Leaves are opposite, elliptic to obovate, 10–18 mm long, with a rounded apex and entire margins (rarely with one or two small teeth near the tip); both surfaces are pubescent. The petiole is 5–6.5 mm long.

The inflorescence is a terminal raceme on the main stem and upper branches, bearing single flowers in the axils of leaf-like bracts. The main axis is 120–200 mm long. Flowers are borne on pedicels 4–9 mm long. The calyx is 6–7 mm long, densely covered with peltate glandular hairs; the upper lobe is ovate-lanceolate and acuminate, and the four lower teeth are triangular-lanceolate.

The corolla is light lilac, 28–30 mm long, narrowly cylindrical and slightly laterally compressed, with glandular and non-glandular hairs. The upper lobes are broadly oblong, while the lateral lobes are narrowly elliptic and marked with mauve or purple speckles or lines. Stamens have light lilac filaments and dark purple anthers; pollen is orange-yellow. The style is light lilac with magenta lobes and elongates into position after the stamens have recoiled.

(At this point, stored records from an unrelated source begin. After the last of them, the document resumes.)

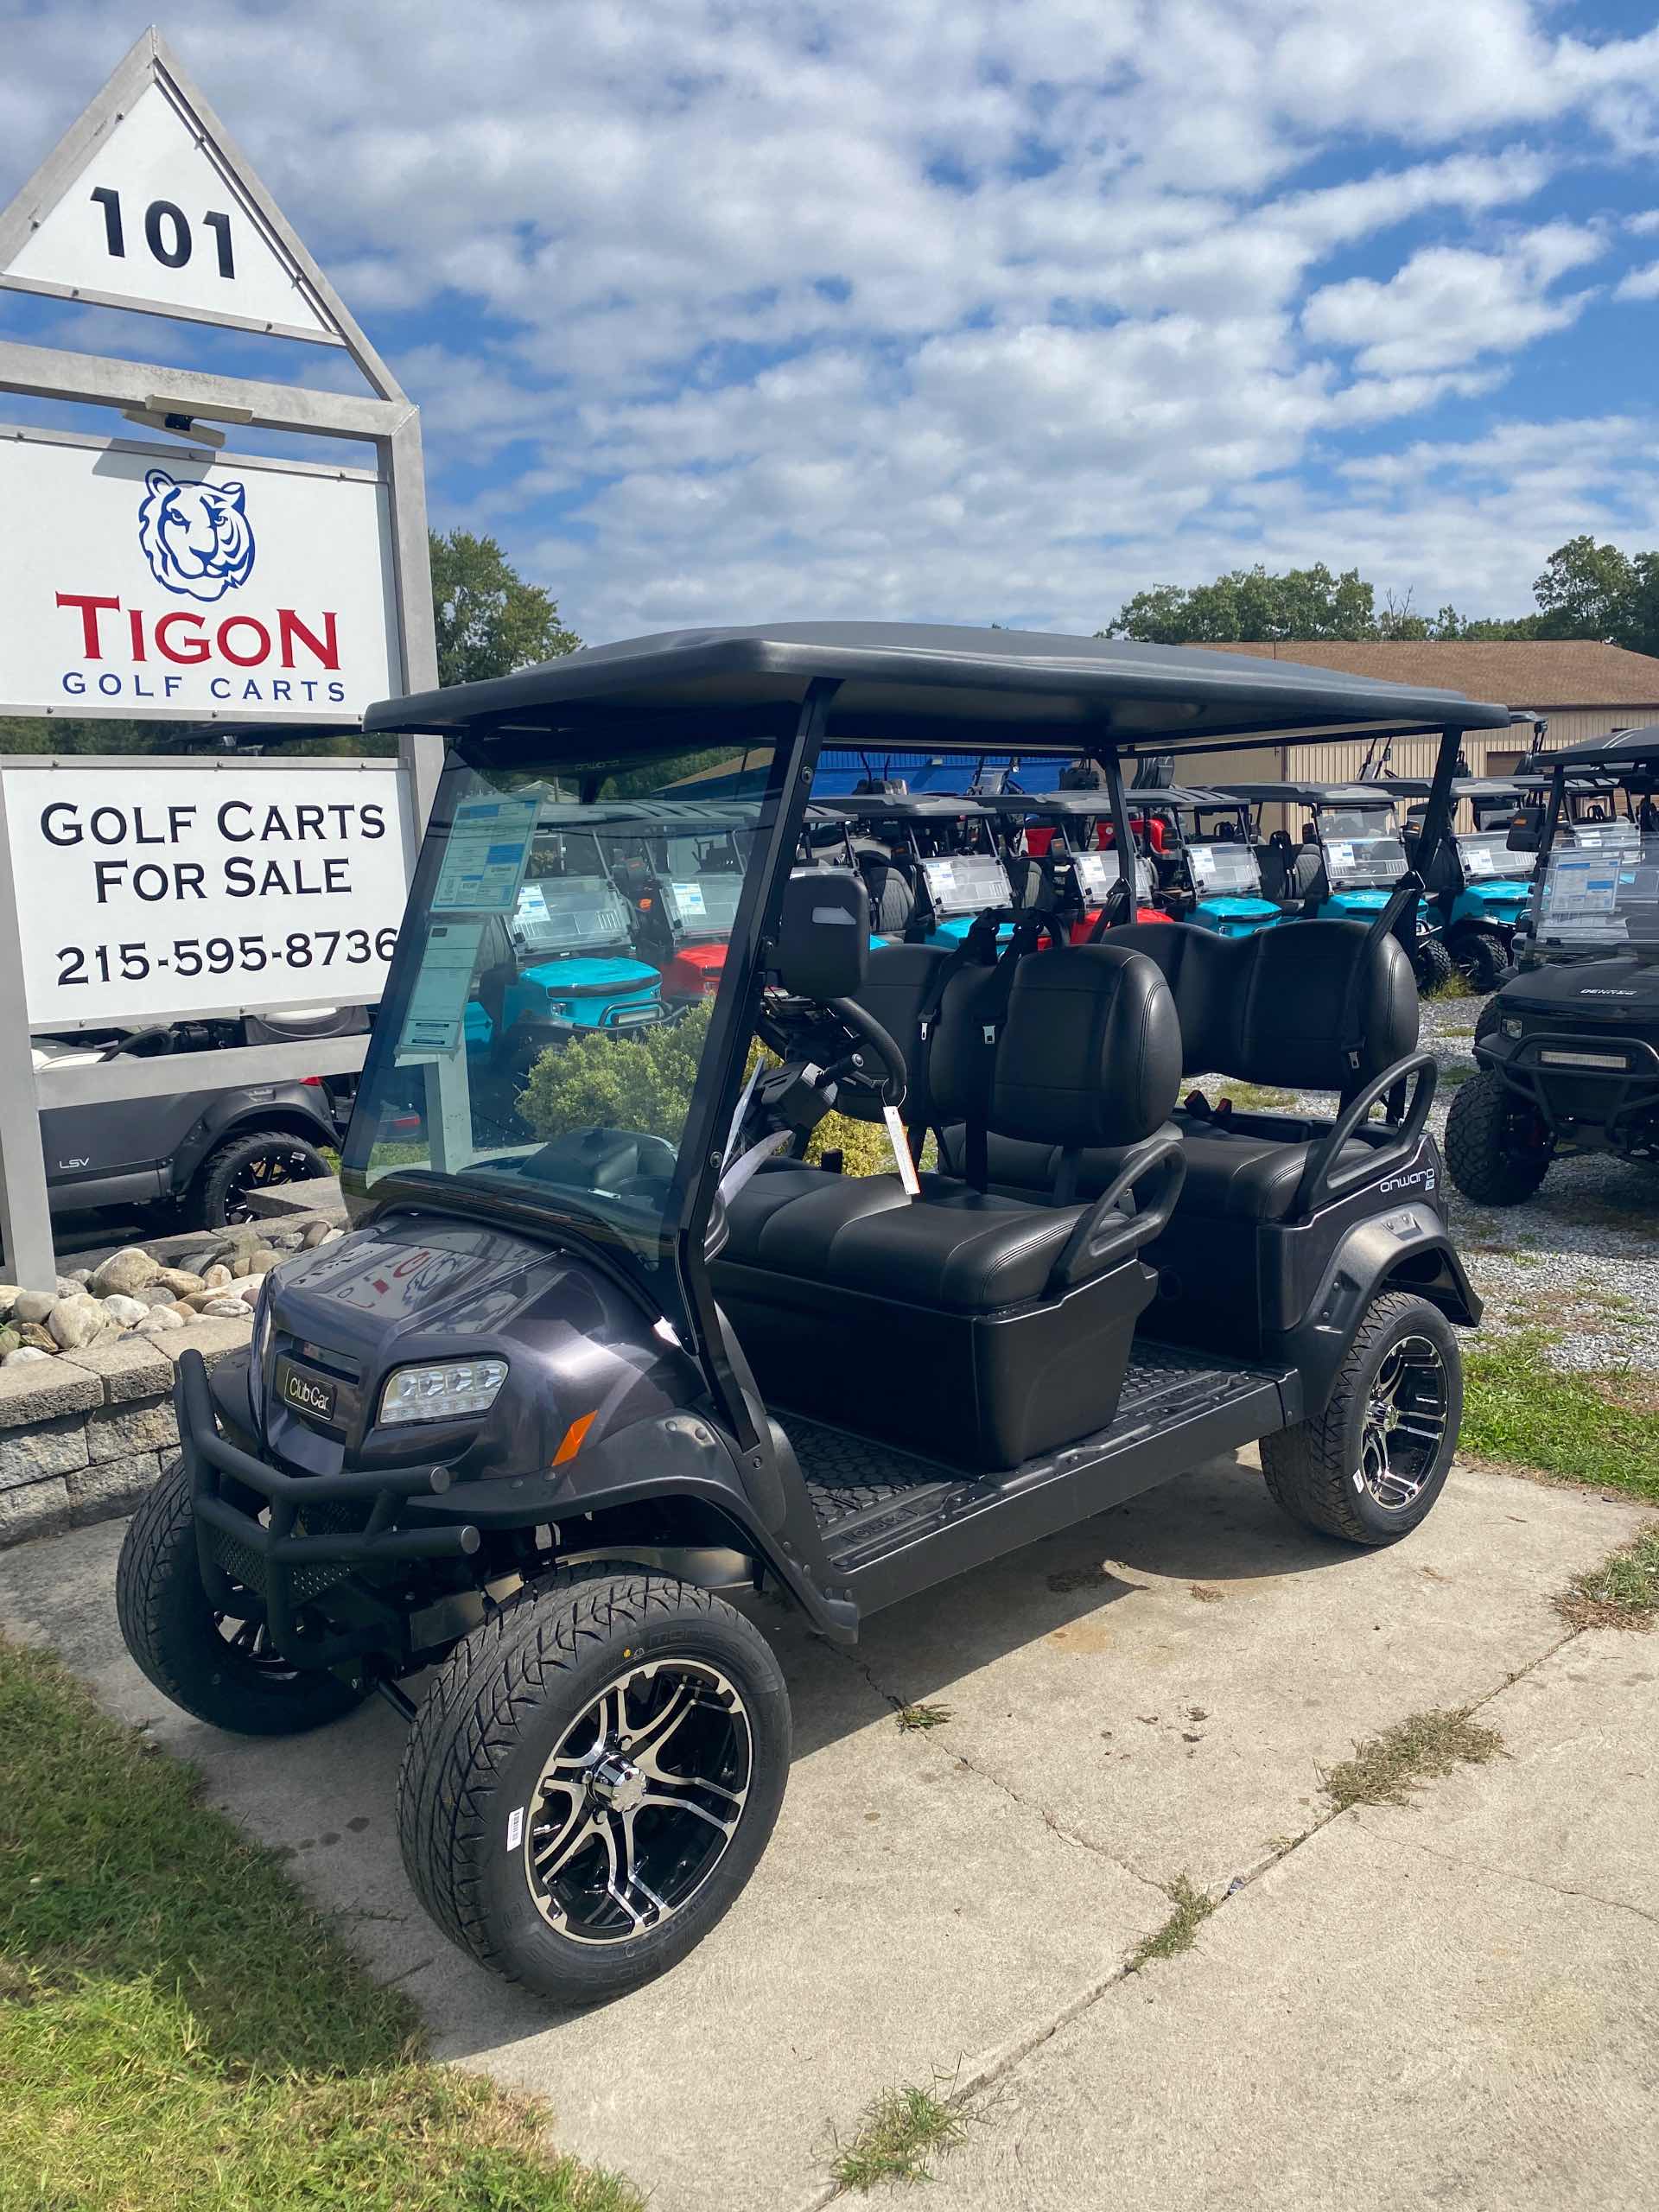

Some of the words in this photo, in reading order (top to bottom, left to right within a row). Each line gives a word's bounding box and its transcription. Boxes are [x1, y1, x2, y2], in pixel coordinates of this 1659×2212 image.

[90, 186, 235, 280] 101
[55, 591, 341, 671] TIGON
[62, 671, 182, 697] GOLF
[210, 677, 345, 702] CARTS
[40, 802, 197, 847] GOLF
[217, 800, 385, 842] CARTS
[92, 859, 208, 904] FOR
[224, 856, 352, 898] SALE
[56, 927, 398, 987] 215-595-8736
[59, 1157, 90, 1169] LSV
[290, 1377, 309, 1402] Club
[311, 1387, 328, 1409] Car

Thorncroftia greenii flowers from March to April.

It closely resembles T. longiflora, but the species do not overlap geographically.

== Etymology ==
The genus Thorncroftia is named for George Thorncroft (1857‒1934), an amateur botanist who collected extensively in the Barberton area of Mpumalanga province in South Africa.

The species epithet honours David Green (1932–2007), a farmer, amateur paleontologist, and amateur botanist who first collected the plant in 1996 and went on to cultivate it on his property. Barleria greenii, which he discovered in 1984, is named in his honour too. Barleria argillicola, Aloe inconspicua, and several other species are also known to science through his efforts. His collection of Drimia basutica in 1986 was the first in KwaZulu-Natal in a hundred years. He was murdered on his farm Rensburgspruit near Estcourt two years before T. greenii was published.